Updates were made for all of the categories of the MMAs described in the appendices of the guidance document, i.e., mobile apps that are not considered medical devices (Appendix A), mobile apps that are subject to enforcement discretion (Appendix B), and mobile apps that are the focus of the FDA’s regulatory oversight (Appendix C).  

Although the Draft MDDS guidance was released by the Center for Devices and Radiological Health (CDRH) only, the Final MDDS Guidance was issued by the CDRH and the Center for Biologics Evaluation and Research (CBER), indicating that software manufacturers in the device and biologics spaces may benefit from the policies outlined in the final guidance.  

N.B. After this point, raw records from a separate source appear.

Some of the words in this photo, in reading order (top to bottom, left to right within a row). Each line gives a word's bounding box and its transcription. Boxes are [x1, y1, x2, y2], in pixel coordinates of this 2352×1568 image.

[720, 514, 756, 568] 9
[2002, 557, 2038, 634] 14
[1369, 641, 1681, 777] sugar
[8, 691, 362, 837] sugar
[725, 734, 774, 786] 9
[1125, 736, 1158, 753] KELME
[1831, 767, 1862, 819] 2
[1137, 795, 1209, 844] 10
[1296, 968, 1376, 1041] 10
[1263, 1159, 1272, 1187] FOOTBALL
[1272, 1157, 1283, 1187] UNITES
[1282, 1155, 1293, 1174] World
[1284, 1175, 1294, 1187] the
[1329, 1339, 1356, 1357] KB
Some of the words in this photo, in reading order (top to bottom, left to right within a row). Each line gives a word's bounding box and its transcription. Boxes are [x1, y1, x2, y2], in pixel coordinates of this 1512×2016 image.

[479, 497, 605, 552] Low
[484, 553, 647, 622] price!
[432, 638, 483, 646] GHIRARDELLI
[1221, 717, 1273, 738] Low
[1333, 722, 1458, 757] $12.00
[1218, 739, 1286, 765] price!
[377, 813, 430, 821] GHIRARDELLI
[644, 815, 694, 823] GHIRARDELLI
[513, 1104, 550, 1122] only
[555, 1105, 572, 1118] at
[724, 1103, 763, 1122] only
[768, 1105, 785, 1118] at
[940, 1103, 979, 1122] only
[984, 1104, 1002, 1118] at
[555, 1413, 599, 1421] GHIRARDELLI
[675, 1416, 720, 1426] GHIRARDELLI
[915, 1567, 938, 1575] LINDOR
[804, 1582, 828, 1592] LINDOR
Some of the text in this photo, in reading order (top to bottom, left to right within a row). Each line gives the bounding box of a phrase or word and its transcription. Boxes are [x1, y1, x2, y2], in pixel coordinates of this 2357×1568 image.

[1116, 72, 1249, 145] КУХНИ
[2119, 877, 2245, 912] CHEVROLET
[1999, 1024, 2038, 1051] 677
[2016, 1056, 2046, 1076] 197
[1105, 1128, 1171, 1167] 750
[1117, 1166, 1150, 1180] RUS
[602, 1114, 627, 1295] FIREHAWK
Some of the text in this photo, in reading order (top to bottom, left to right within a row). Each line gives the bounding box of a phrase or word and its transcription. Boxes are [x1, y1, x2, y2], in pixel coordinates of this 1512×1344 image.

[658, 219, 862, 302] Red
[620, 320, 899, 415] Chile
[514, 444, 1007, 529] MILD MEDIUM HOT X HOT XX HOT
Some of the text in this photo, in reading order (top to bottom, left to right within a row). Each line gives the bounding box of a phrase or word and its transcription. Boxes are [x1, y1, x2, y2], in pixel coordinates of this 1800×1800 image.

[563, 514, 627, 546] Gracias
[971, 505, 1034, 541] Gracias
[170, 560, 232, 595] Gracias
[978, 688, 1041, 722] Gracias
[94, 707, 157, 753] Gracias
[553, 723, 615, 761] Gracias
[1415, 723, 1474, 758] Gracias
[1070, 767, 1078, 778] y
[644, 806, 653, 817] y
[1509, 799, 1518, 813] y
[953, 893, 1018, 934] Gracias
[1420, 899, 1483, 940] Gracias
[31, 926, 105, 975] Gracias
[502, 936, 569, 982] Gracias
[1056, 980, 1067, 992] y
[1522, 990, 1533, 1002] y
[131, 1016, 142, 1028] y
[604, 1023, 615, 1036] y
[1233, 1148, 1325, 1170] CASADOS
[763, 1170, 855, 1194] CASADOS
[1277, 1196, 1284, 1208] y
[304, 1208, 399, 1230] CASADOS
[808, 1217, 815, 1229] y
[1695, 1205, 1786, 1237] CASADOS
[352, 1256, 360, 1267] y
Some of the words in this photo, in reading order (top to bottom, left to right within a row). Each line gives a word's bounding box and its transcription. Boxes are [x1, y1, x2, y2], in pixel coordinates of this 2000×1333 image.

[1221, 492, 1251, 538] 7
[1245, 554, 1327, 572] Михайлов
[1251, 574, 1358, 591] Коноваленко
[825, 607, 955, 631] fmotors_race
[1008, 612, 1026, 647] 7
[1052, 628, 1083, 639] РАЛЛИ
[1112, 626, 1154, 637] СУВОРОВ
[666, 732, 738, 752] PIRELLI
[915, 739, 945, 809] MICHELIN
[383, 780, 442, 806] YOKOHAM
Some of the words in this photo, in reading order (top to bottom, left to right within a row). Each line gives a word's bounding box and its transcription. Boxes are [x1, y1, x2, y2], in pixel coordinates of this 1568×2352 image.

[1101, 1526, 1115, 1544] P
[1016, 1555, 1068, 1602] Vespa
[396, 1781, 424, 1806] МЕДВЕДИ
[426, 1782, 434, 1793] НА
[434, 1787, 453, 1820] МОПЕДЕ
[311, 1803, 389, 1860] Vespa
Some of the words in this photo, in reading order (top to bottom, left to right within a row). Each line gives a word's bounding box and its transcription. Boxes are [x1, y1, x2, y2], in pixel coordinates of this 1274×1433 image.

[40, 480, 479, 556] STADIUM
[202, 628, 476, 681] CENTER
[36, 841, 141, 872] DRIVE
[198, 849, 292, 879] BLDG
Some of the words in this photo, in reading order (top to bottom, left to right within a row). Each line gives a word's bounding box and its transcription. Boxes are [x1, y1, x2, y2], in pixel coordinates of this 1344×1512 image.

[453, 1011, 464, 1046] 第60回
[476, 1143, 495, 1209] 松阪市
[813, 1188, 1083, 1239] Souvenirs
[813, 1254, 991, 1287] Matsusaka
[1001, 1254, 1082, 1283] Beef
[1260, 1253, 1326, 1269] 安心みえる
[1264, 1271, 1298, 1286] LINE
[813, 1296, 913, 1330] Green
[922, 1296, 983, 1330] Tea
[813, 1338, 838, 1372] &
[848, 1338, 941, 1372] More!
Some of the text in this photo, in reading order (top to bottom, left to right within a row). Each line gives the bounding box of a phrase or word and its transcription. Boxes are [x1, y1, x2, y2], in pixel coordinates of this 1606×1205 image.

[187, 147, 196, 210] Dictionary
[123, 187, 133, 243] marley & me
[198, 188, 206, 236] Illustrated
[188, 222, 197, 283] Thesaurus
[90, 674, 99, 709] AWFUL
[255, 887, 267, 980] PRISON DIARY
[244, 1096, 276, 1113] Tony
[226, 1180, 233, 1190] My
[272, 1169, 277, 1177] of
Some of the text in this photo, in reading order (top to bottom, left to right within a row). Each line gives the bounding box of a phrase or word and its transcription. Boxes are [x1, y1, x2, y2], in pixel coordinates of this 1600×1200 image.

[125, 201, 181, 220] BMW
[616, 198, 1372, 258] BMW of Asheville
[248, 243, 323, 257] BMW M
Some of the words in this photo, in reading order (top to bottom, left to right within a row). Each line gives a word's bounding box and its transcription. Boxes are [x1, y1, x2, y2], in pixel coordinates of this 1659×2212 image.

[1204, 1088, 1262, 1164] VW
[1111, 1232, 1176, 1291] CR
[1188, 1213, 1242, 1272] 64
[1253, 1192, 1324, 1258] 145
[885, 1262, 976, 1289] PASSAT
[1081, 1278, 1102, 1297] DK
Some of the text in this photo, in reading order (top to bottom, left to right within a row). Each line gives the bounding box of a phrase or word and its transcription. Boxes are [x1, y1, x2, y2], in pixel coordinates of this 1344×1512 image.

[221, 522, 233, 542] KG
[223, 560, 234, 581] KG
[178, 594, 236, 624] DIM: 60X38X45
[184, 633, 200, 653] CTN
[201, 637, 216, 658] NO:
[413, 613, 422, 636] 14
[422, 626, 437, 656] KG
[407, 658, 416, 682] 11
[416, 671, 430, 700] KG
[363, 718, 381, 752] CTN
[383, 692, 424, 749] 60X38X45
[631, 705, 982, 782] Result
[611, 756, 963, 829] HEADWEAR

Of the 25 public comments received regarding the Draft MDDS Guidance, the vast majority of the comments supported the enforcement discretion policy outlined in the draft guidance. Stakeholders and manufacturers largely agreed with the FDA’s approach to improve innovation and interoperability for these types of low risk devices. Several of the comments received asked for more clarity regarding the type of active patient monitoring that is excluded from the MDDS policy, which is consistent with the additional examples and definitions added in the final guidance, as described above. In addition, some comments also advocated for the Agency to proceed with rule-making to formally exempt the MDDS, MIS, and MIC products from regulation, rather than relying solely on a guidance document that is essentially non-binding on the Agency. It remains to be seen whether the FDA would consider moving forward with additional regulatory processes to further formalize its current enforcement discretion approach. The FDA did not address these specific comments when issuing the final guidance.

Considered together, these finalized and updated guidance documents further indicate the FDA’s current leaning to move away from active regulation of very low-risk software products. The FDA’s finalization of its enforcement discretion policy for low-risk devices, such as MDDS, MIS, and MIC, is also consistent with the proposed FDASIA risk-based framework for Health IT.

The FDA has scheduled a webinar on February 24, 2015 (2:00-3:30 p.m. ET), to describe the policies in these guidance documents (as well as the two draft guidances released last month regarding general wellness low-risk products and medical device accessories). Manufacturers and interested stakeholders will have the opportunity to ask questions during this session.